Per Groq, the Groq 3 LPU is rated at a memory bandwidth of 150 terabytes per second. That’s a mindblowing seven times faster than the Rubin GPU, which processes at a mere 22 terabytes per second! While the Groq 3 LPU speed is stunning, it’s only the second most important ingredient to Nvidia’s recipe. Alongside inference disaggregation, it improves the overall inference disaggregation with the newly developed inference compute tray, the Nvidia Groq 3 LPX.
Each compute tray will contain eight Groq 3 LPUs and one Vera Rubin unit. This configuration is optimized for handling AI workloads more efficiently by separating inference tasks into two distinct parts: pre-fill and decode. The Vera Rubin is especially well-suited to take care of the pre-fill and computationally-intensive parts of the decoding process. At the same time, every Groq 3 LPU undertakes the last decoding step.
Nvidia’s angle on this is a clear focus on low latency token generation, a key parameter for many of these AI apps. Ian Buck, a key figure in the development of the Groq 3 LPU, highlighted its optimization for extreme low latency.
“The LPU is optimized strictly for that extreme low latency token generation,” – Ian Buck
The Groq 3 LPU incorporates a novel architectural design. By integrating SRAM memory directly within the processor, data flow is maximized, creating efficiency and enhancing performance. Mark Heaps, another well-known developer active in the project, described how this architecture fully supports all performance enabling features.
“The data actually flows directly through the SRAM,” – Mark Heaps
Nvidia recently accelerated the Groq 3 LPU into full production. This decision demonstrates its dedication to meeting the increasing demand for cutting-edge AI processing power. Jensen Huang, CEO of Nvidia, is quite excited about this new AI powered epoch. He feels that the technology has just matured enough to deliver such productive work.
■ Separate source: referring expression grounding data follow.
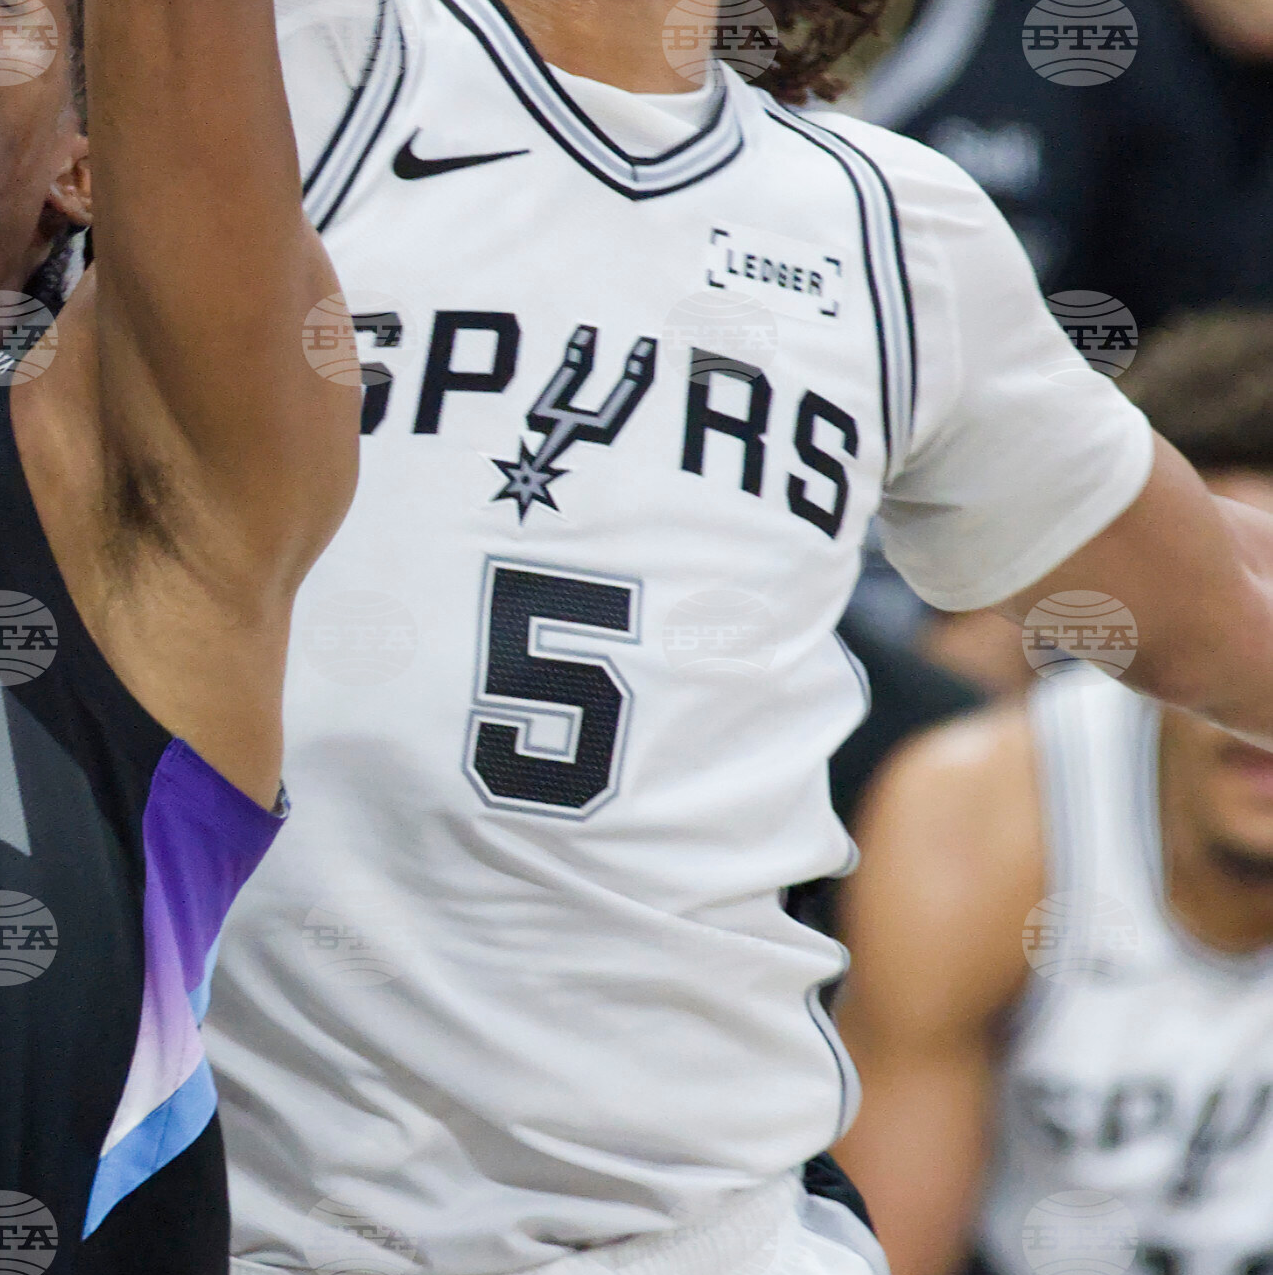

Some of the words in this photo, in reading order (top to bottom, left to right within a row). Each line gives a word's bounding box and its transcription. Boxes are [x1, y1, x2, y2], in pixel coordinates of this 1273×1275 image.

[727, 248, 823, 297] LEDGER
[350, 310, 860, 540] SPURS
[463, 553, 643, 822] 5
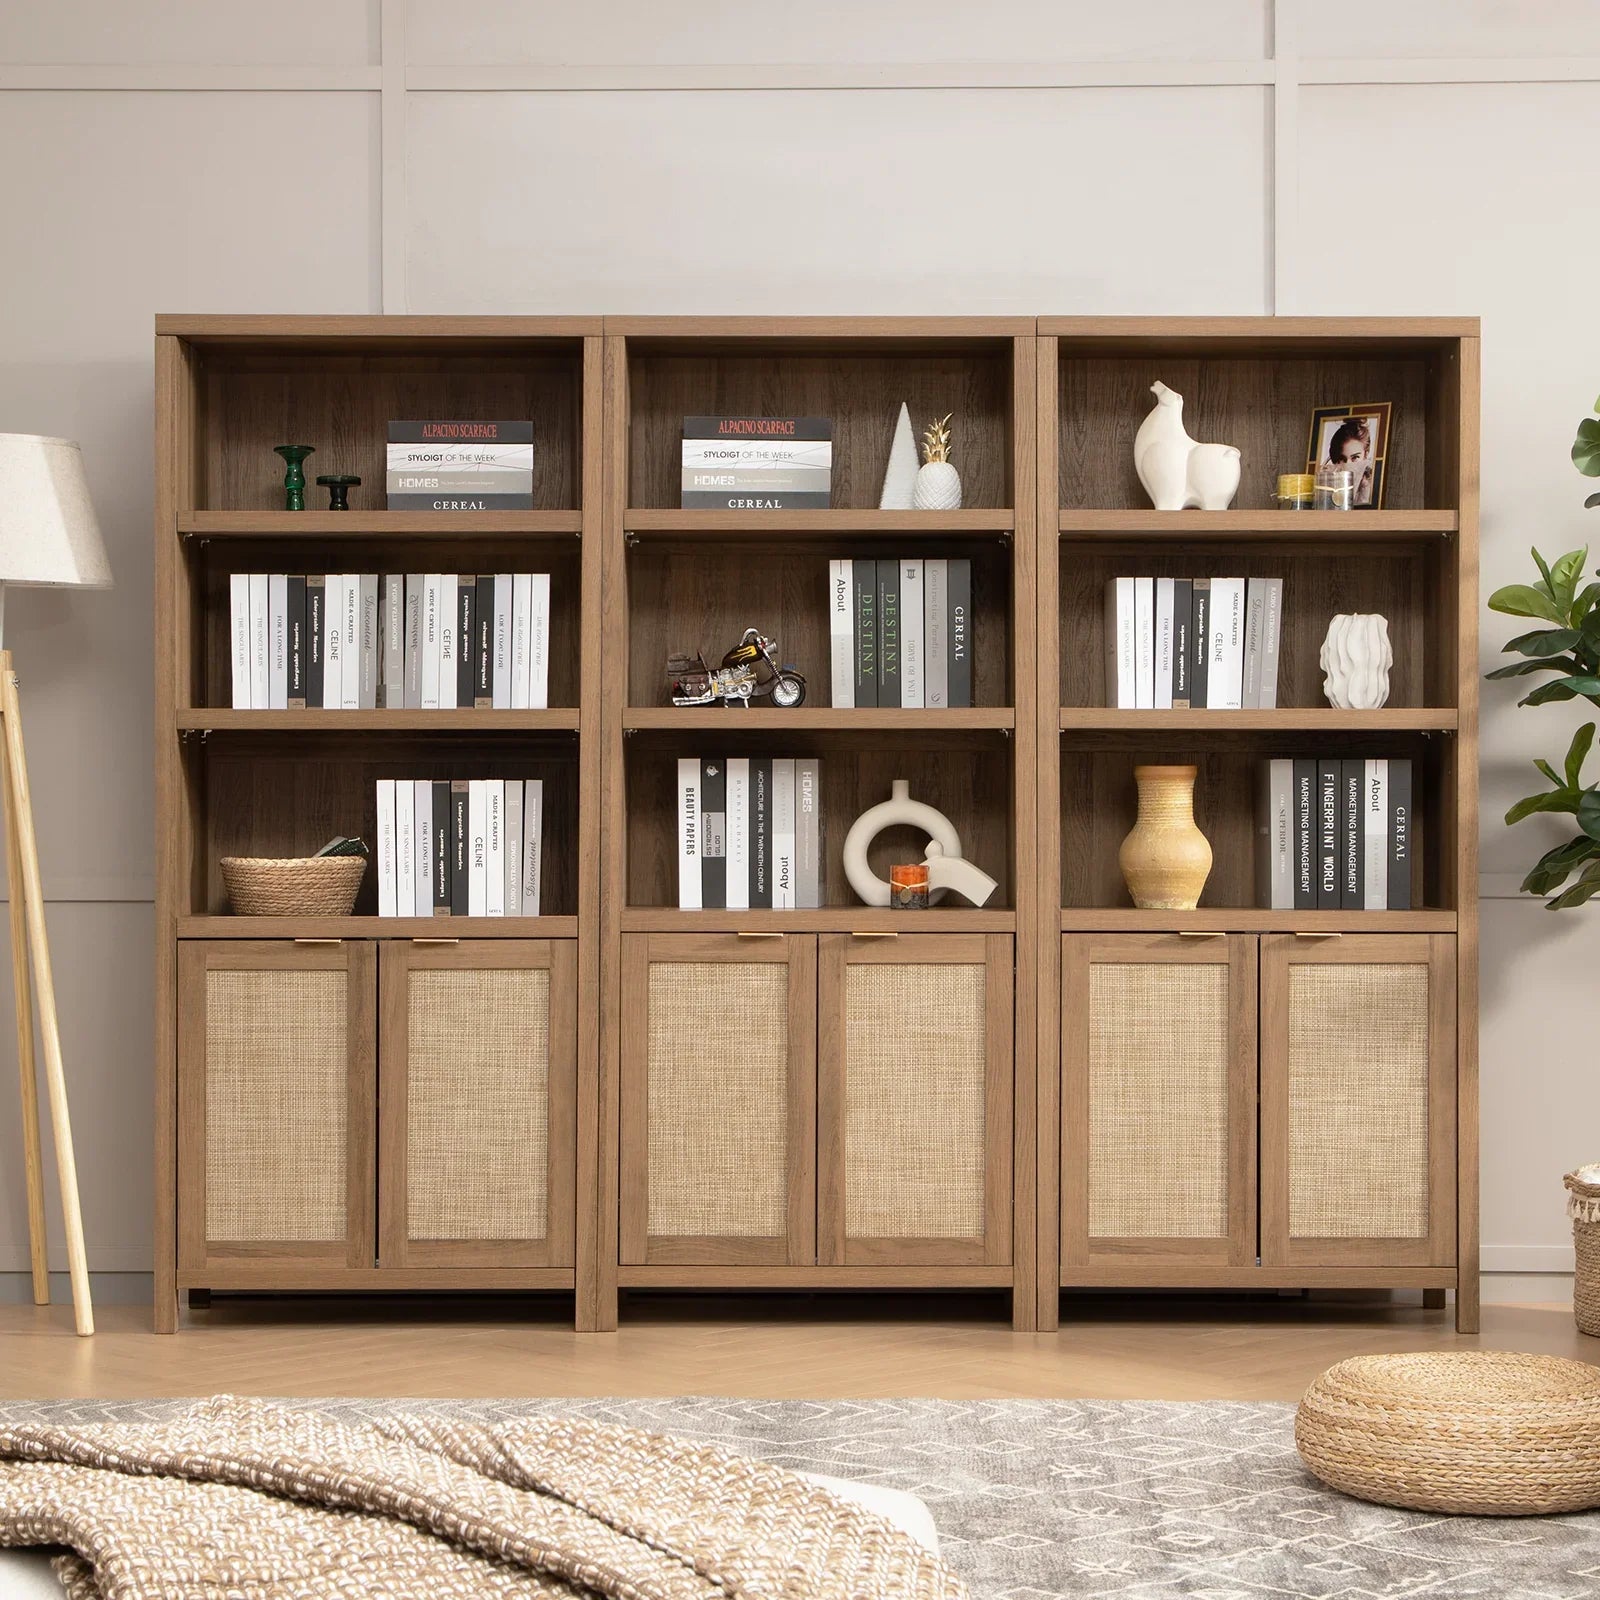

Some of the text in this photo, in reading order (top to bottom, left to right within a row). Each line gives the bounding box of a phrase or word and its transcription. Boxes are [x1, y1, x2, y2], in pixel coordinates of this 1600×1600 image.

[422, 424, 497, 438] ALPACINO SCARFACE
[718, 420, 796, 434] ALPACINO SCARFACE
[772, 451, 794, 459] WEEK
[398, 478, 439, 488] HOMES
[694, 476, 736, 486] HOMES
[433, 501, 486, 510] CEREAL
[728, 499, 782, 509] CEREAL
[836, 578, 846, 612] About
[364, 595, 374, 650] Discontent
[862, 594, 872, 675] DESTINY
[886, 593, 896, 674] DESTINY
[954, 606, 964, 661] CEREAL
[330, 630, 338, 661] CELINE
[1214, 632, 1223, 662] CELINE
[802, 772, 812, 812] HOMES
[1372, 778, 1380, 812] About
[686, 788, 695, 856] BEAUTY PAPERS
[1324, 774, 1334, 892] FINGERPRINT WORLD
[1396, 806, 1406, 861] CEREAL
[474, 836, 482, 868] CELINE
[526, 841, 538, 896] Discontent
[780, 856, 788, 890] About
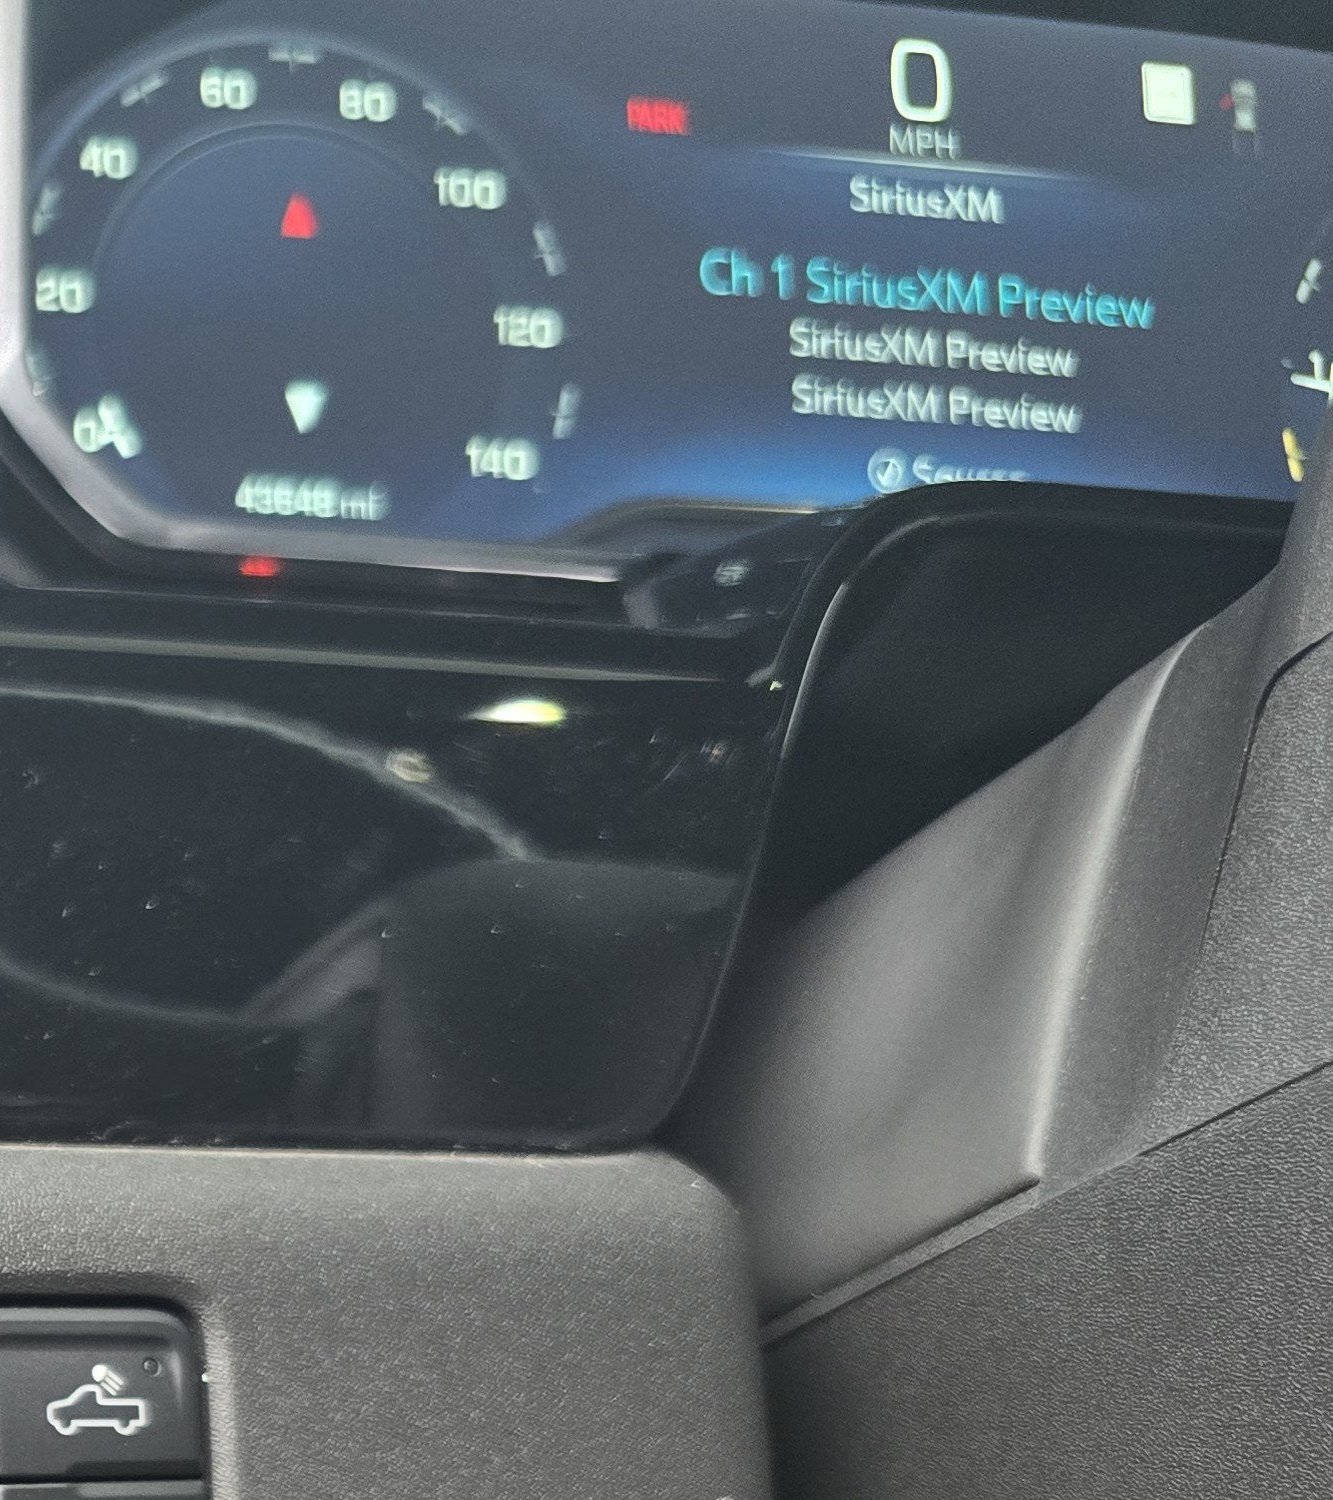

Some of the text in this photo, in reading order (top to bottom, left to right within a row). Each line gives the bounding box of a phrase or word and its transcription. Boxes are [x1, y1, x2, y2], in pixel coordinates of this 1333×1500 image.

[200, 67, 256, 109] 60
[339, 79, 396, 121] 80
[890, 38, 951, 122] 0
[79, 136, 137, 179] 40
[889, 122, 960, 158] MPH
[435, 167, 506, 209] 100
[849, 174, 1004, 223] SiriusXM
[36, 267, 94, 313] 20
[700, 246, 1155, 329] Ch 1 SiriusXM Preview
[493, 305, 565, 348] 120
[789, 317, 1080, 377] SiriusXM Preview
[791, 373, 1083, 433] SiriusXM Preview
[466, 435, 540, 481] 140
“Finally, AI is able to do productive work, and therefore the inflection point of inference has arrived,” – Jensen Huang
By adding the Groq 3 LPU, Nvidia’s semiconductor industry dominance appears even more solidified. It further demonstrates the company’s commitment to leading the AI that innovates. Sid Sheth, an expert in SRAM-based architectures, added his perspective on the importance of this announcement.
“NVIDIA’s announcement validates the importance of SRAM-based architectures for large-scale inference, and no one has pushed SRAM density further than d-Matrix,” – Sid Sheth
Nvidia’s strategic acquisition of Groq’s technology not only strengthens its offerings but secures its place as a leader in AI innovation. The combination of the Groq 3 LPU with Vera Rubin underlines a significant shift in how companies can approach AI processing.